- Task description
At the line containing "this 1001×1500 image.", begin retyping, and continue word for word until the records below run out.

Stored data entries
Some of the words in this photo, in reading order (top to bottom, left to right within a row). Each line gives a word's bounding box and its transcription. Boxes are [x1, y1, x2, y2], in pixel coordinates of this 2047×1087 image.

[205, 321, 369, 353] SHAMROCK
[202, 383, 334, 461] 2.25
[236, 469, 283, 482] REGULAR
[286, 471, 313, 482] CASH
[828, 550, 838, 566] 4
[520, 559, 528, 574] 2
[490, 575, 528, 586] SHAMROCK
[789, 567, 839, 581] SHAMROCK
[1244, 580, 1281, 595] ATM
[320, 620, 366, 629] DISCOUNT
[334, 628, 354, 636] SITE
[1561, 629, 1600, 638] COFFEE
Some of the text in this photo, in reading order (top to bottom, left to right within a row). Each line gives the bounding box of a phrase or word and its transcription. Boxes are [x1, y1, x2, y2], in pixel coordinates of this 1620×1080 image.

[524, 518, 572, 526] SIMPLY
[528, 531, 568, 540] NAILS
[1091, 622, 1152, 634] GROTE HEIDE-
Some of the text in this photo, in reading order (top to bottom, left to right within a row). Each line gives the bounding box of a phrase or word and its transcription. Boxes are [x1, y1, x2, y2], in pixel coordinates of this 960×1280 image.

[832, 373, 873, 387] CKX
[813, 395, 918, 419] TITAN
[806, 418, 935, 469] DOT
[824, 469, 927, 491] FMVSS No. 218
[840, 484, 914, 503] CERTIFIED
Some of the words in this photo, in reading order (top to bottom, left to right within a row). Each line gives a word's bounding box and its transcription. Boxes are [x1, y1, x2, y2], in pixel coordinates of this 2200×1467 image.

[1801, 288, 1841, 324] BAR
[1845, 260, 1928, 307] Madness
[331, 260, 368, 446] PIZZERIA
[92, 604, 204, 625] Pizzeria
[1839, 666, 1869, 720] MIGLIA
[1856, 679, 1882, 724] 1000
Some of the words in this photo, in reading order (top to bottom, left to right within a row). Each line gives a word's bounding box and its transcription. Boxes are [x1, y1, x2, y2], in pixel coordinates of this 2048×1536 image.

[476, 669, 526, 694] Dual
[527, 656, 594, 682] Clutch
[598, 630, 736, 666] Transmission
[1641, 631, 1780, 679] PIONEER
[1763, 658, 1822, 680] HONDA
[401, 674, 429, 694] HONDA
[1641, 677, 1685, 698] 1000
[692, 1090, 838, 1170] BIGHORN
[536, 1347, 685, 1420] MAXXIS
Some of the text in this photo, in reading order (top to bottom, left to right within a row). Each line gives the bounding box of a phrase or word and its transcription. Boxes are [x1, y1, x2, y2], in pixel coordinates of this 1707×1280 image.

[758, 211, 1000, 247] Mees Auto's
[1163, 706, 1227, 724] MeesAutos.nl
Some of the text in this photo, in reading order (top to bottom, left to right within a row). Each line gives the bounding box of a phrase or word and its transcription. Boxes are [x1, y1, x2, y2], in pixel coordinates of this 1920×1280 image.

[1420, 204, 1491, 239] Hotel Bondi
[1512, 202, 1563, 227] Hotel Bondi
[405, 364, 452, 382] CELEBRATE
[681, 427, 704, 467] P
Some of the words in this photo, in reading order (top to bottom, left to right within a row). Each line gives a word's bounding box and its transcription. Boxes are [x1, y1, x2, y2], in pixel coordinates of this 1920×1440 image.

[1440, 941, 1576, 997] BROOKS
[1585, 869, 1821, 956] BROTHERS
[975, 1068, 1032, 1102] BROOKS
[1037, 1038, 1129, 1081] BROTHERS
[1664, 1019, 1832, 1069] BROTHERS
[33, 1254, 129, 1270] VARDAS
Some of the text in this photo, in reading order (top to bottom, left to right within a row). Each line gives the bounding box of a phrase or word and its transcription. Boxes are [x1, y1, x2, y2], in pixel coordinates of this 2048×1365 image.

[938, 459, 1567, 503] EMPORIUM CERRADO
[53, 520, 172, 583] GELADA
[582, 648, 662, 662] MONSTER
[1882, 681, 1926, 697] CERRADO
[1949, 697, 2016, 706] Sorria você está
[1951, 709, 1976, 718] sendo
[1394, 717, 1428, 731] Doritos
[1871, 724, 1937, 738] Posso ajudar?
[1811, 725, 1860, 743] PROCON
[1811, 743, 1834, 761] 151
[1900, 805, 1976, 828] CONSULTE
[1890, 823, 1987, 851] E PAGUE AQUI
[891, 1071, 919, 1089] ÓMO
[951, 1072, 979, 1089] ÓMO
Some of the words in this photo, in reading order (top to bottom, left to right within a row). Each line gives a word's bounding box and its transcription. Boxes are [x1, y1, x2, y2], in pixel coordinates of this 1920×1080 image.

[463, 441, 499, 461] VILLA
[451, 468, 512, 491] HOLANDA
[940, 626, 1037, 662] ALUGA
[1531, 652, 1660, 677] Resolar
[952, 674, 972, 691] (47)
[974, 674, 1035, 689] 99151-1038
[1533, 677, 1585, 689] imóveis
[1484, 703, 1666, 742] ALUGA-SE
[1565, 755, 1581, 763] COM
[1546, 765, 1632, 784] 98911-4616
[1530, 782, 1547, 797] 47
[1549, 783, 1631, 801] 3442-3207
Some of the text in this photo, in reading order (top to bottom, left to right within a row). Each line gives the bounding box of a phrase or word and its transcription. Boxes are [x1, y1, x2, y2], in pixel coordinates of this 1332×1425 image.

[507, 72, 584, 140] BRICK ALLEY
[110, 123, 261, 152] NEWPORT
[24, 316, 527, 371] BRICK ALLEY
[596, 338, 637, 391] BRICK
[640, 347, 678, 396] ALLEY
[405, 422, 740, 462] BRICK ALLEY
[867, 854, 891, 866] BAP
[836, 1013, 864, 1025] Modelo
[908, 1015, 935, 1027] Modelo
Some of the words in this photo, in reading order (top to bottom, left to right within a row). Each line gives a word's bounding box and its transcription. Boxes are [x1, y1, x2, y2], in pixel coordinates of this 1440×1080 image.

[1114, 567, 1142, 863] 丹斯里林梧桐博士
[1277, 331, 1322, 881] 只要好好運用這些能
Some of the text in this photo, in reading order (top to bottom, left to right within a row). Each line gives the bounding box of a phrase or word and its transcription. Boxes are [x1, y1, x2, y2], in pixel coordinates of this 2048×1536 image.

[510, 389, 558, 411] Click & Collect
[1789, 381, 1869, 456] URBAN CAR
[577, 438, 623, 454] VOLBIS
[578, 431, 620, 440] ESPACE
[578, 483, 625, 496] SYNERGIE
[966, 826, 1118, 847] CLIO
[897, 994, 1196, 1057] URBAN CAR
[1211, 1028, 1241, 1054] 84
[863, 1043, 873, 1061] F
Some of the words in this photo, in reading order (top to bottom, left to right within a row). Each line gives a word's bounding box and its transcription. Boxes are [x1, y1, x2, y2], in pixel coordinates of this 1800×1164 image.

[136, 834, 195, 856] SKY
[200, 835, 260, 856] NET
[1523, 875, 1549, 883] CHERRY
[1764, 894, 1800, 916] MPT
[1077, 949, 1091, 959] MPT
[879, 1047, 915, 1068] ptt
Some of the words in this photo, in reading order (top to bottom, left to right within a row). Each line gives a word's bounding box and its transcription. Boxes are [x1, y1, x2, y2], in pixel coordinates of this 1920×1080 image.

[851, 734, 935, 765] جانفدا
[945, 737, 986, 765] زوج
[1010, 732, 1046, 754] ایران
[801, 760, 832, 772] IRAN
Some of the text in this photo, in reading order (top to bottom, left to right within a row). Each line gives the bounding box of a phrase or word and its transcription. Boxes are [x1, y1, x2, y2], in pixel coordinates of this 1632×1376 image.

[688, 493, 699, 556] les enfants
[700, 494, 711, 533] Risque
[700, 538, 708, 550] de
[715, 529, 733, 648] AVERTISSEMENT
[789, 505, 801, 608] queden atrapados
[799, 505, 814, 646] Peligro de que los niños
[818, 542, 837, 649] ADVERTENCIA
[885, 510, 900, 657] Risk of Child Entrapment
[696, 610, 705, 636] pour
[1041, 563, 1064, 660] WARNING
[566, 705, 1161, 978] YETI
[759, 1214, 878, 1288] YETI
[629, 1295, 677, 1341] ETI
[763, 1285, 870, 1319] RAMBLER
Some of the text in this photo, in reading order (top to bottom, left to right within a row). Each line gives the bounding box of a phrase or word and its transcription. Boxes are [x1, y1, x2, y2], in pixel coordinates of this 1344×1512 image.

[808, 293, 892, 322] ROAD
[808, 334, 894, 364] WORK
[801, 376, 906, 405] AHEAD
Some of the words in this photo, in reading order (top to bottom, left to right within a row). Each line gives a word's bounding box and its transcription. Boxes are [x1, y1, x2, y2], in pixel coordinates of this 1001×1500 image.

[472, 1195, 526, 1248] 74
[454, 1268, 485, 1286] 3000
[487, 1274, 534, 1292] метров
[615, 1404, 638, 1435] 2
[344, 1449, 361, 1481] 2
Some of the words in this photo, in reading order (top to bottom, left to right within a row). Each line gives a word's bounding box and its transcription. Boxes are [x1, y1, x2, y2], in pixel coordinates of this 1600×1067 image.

- Response to the task
Some of the words in this photo, in reading order (top to bottom, left to right within a row). Each line gives a word's bounding box and its transcription. Boxes are [x1, y1, x2, y2], in pixel coordinates of this 1001×1500 image.

[472, 1195, 526, 1248] 74
[454, 1268, 485, 1286] 3000
[487, 1274, 534, 1292] метров
[615, 1404, 638, 1435] 2
[344, 1449, 361, 1481] 2
Some of the words in this photo, in reading order (top to bottom, left to right within a row). Each line gives a word's bounding box and its transcription. Boxes are [x1, y1, x2, y2], in pixel coordinates of this 1600×1067 image.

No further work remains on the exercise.